WHAT TO WORK ON: Leaving the pictures out, transcribe the records below exactly.

[Saved entries]

=== Begin Enclosure ===

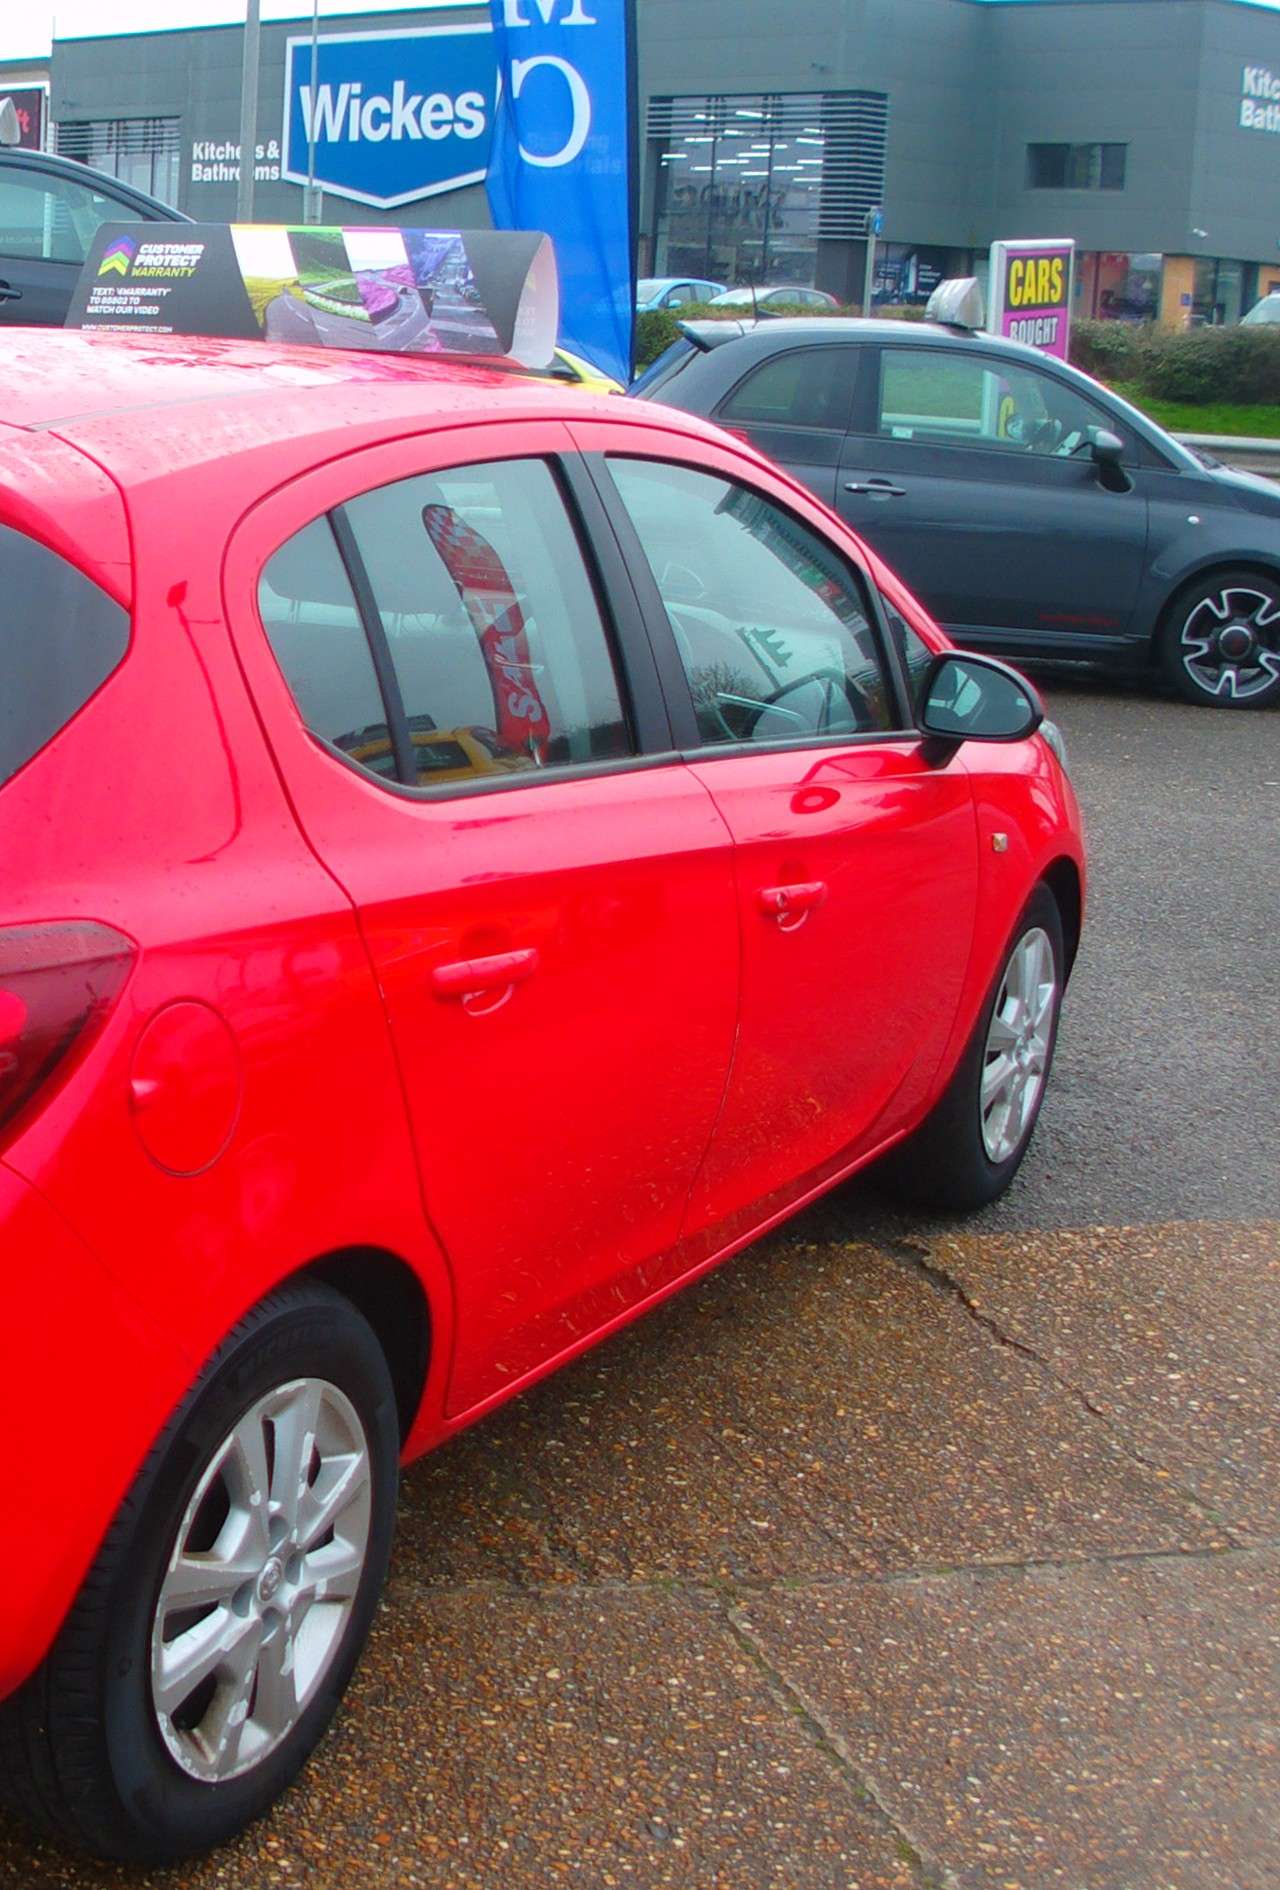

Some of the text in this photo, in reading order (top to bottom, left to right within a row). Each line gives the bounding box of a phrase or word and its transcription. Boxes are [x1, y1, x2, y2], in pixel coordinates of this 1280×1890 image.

[299, 80, 485, 143] Wickes
[192, 140, 280, 161] Kitches &
[192, 162, 280, 182] Bathroms
[139, 244, 205, 255] CUSTOMER
[134, 255, 201, 267] PROTECT
[131, 267, 197, 278] WARRANTY
[1009, 258, 1063, 306] CARS
[1009, 317, 1058, 346] BOUGHT
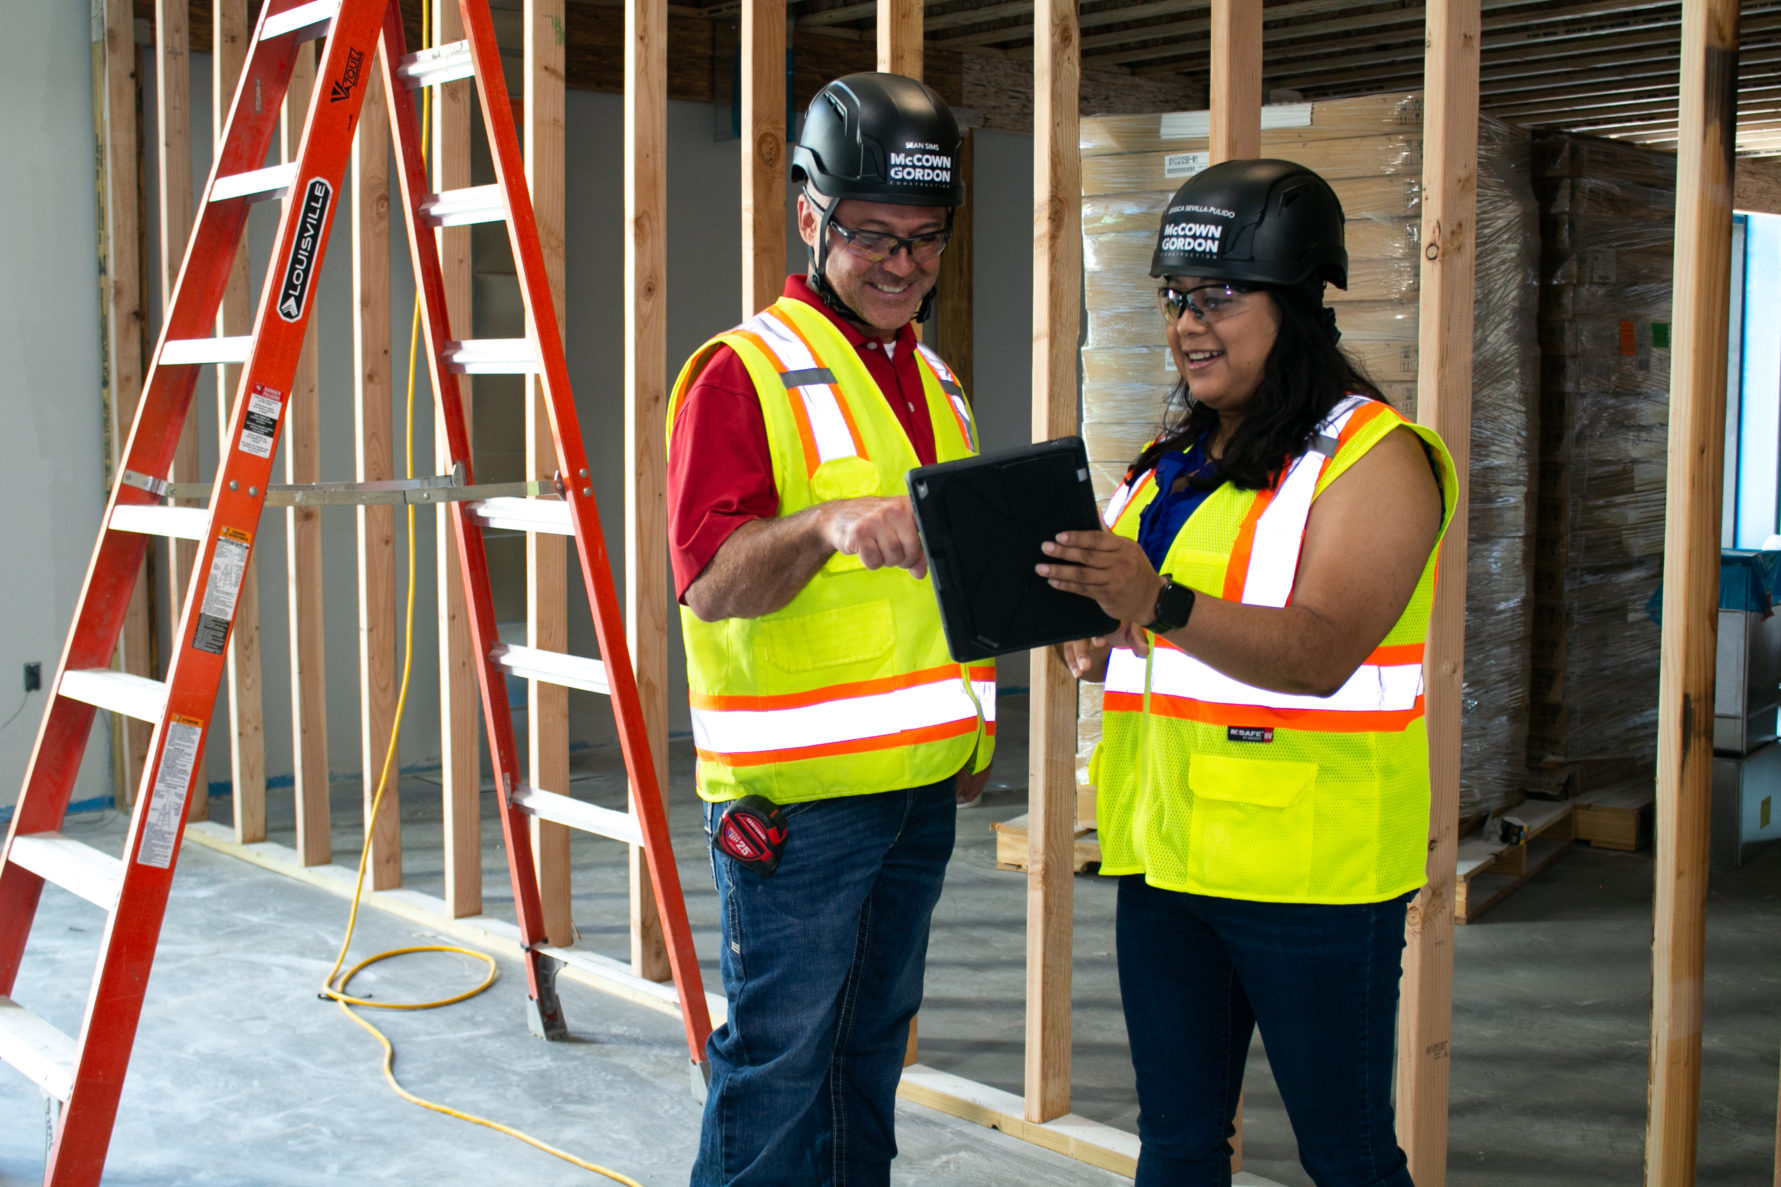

=== End Enclosure ===

EXERCISE OUTPUT:
Some of the text in this photo, in reading order (top to bottom, left to right within a row). Each line gives the bounding box of a phrase or word and its transcription. Boxes are [x1, y1, x2, y2], in pixel coordinates of this 1280×1890 image.

[299, 80, 485, 143] Wickes
[192, 140, 280, 161] Kitches &
[192, 162, 280, 182] Bathroms
[139, 244, 205, 255] CUSTOMER
[134, 255, 201, 267] PROTECT
[131, 267, 197, 278] WARRANTY
[1009, 258, 1063, 306] CARS
[1009, 317, 1058, 346] BOUGHT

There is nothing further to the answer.